Sun Aug 12 00:33:27 CEST 2007

On Sat, 11 Aug 2007 17:10:34 -0400 Carsten Haese <carsten at uniqsys.com> wrote:

> On Sat, 2007-08-11 at 15:32 -0400, Mike Meyer wrote:
> > On Sat, 11 Aug 2007 18:14:16 +0200 Paul Boddie <paul at boddie.org.uk> wrote:
> > > On Saturday 11 August 2007 10:25, Mike Meyer wrote:
> > > >
> > > > Well, InformixDB has a way that works. I can think of at least two
> > > > other databases that it won't work for - or at least, will have
> > > > surprising consequences for users. That's not the same thing as the
> > > > paramstyle having a way.
> > > Can you name those database systems? The DB-API should support parameters 
> > > without additional quoting. If, say, PostgreSQL doesn't support parameters 
> > > internally, the module should prevent the programmer from knowing about that.
> > A number of open source db systems allow both single and double quotes
> > for literals, which breaks the "not inside apostrophes" rule that was
> > proposed. And from what's in the dbsig archives, informix uses ':' in
> > a couple of different places.
> Apparently I've confused you by simplifying the situation.

No, you haven't confused me - you've just simplified things. I'm
trying to get things *precise*, not simple. When you simplified, you
lost precision. 

> The iron-clad, all-encompassing, golden rule is this: If something looks
> like a parameter marker and occurs in a place where a parameter marker
> is syntactically allowed, it's a parameter marker. Anything else isn't.

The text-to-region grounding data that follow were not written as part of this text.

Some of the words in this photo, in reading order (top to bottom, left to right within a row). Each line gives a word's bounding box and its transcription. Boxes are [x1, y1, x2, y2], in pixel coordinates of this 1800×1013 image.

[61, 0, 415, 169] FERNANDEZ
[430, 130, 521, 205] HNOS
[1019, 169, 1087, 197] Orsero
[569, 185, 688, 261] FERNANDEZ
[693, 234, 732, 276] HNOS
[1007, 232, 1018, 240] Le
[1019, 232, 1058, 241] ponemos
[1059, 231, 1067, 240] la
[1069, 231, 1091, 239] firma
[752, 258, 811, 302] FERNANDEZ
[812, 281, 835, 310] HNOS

Ok, I'll accept that that's iron-clad and all-encompassing. It's also
circular. I suspect it also changes depending on the underlying
database.

> And in case that's not clear, parameter markers are not allowed inside
> string literals or delimited column names.

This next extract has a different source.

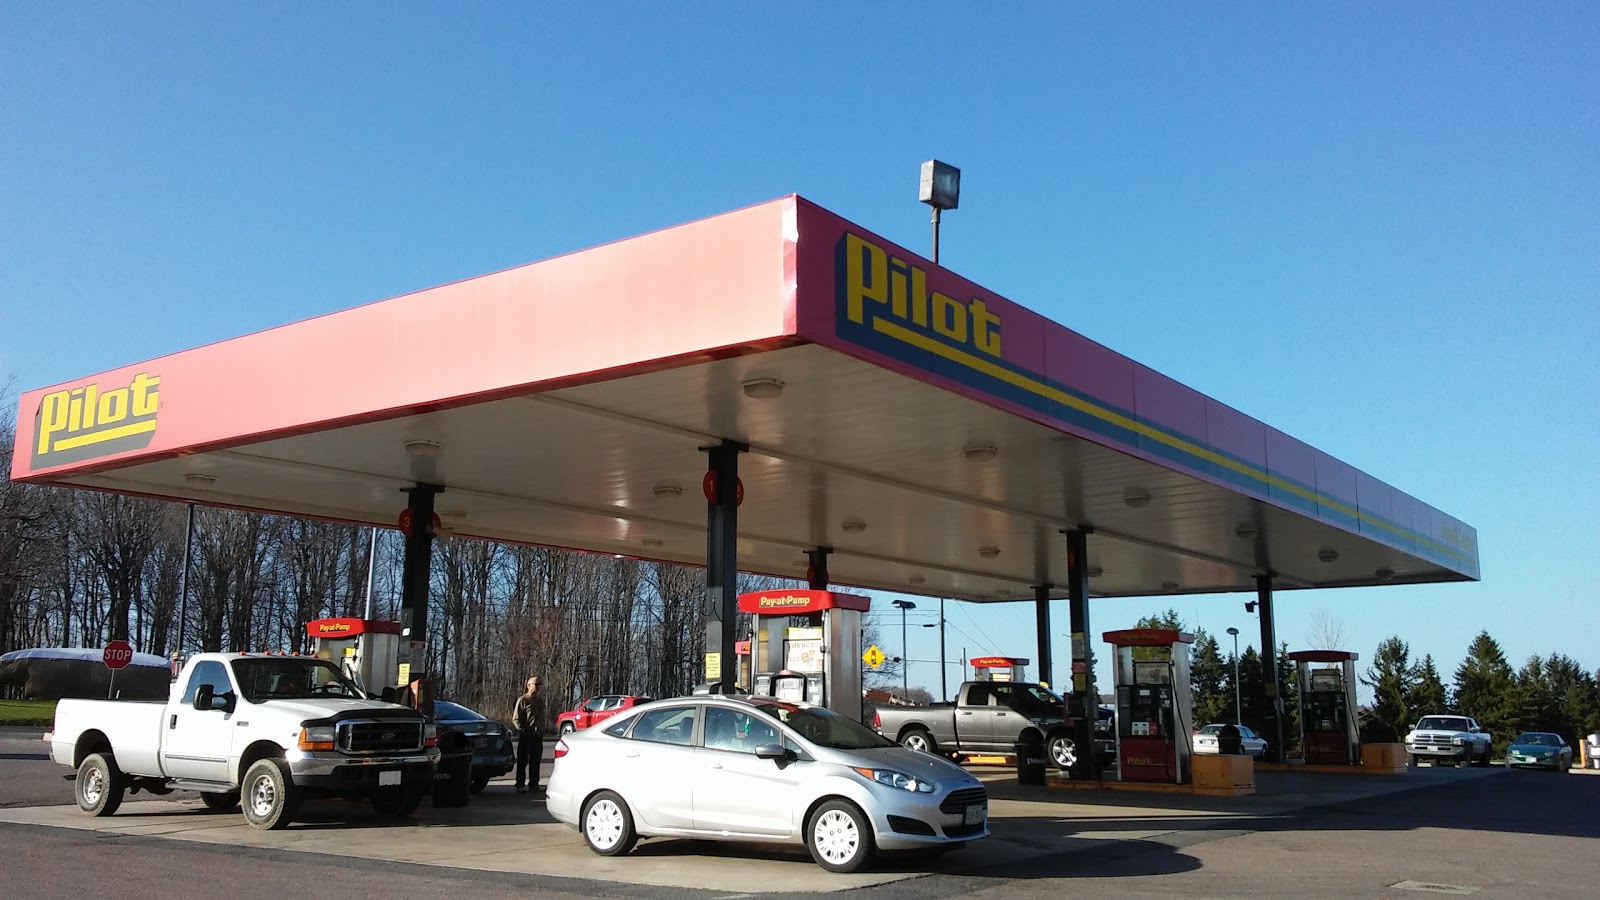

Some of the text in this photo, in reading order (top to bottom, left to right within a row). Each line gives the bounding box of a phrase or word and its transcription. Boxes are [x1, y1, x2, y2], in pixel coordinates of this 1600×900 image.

[847, 232, 1001, 358] Pilot
[38, 373, 160, 455] Pilot
[403, 516, 410, 528] 3
[104, 648, 131, 660] STOP

In every dbapi 2 module for every available database? Or just most of
them?

> The basic rule above still holds true, because you can't have a
> parameter placeholder inside a datetime literal or in a table name. The
> parser just uses a heuristic because writing a full SQL parser would be
> insane.

Let's see if I've got this: the exact rule is that you only do binding
where a parameter is allowed. Figuring out where a parameter is
allowed requires a large enough portion of a full SQL parser that
writing one would be insane. So doing what I'm asking - providing a
precise rule - would be insane. I think the key word is "insane".

> > [...]
> > > And where a question mark (or other parameter marker) appears outside a string 
> > > literal, it's unambiguously interpreted as a parameter marker since there 
> > > should be no other interpretation of that character outside literals.
> > 
> > Except there are cases where that's not so. As previously mentioned,
> > informix apparently uses ':' for a couple of things. And consider this:
> > 
> > >>> c.execute("insert into 'FOO' ('ID') values ('hello')")
> > <sqlite3.Cursor object at 0x55ed40>
> > 
> > This query has three string literals. Let's start replacing them...
> 
> The fact that the query works with string literals for table names and
> column names is mildly surprising. That must be an Sqlite peculiarity.
> It's definitely not standard SQL.

sqlite allows you to use either single and double quotes for string
literals and identifier delimiters.

> Also, I object to your use of the word "substitute", since it implies
> that parameter binding is a string formatting exercise. In most database
> engines, parameters are not substituted into the query text. Instead,
> the parameter values are "bound" to the placeholders in the query and
> transmitted to the database separately from the query.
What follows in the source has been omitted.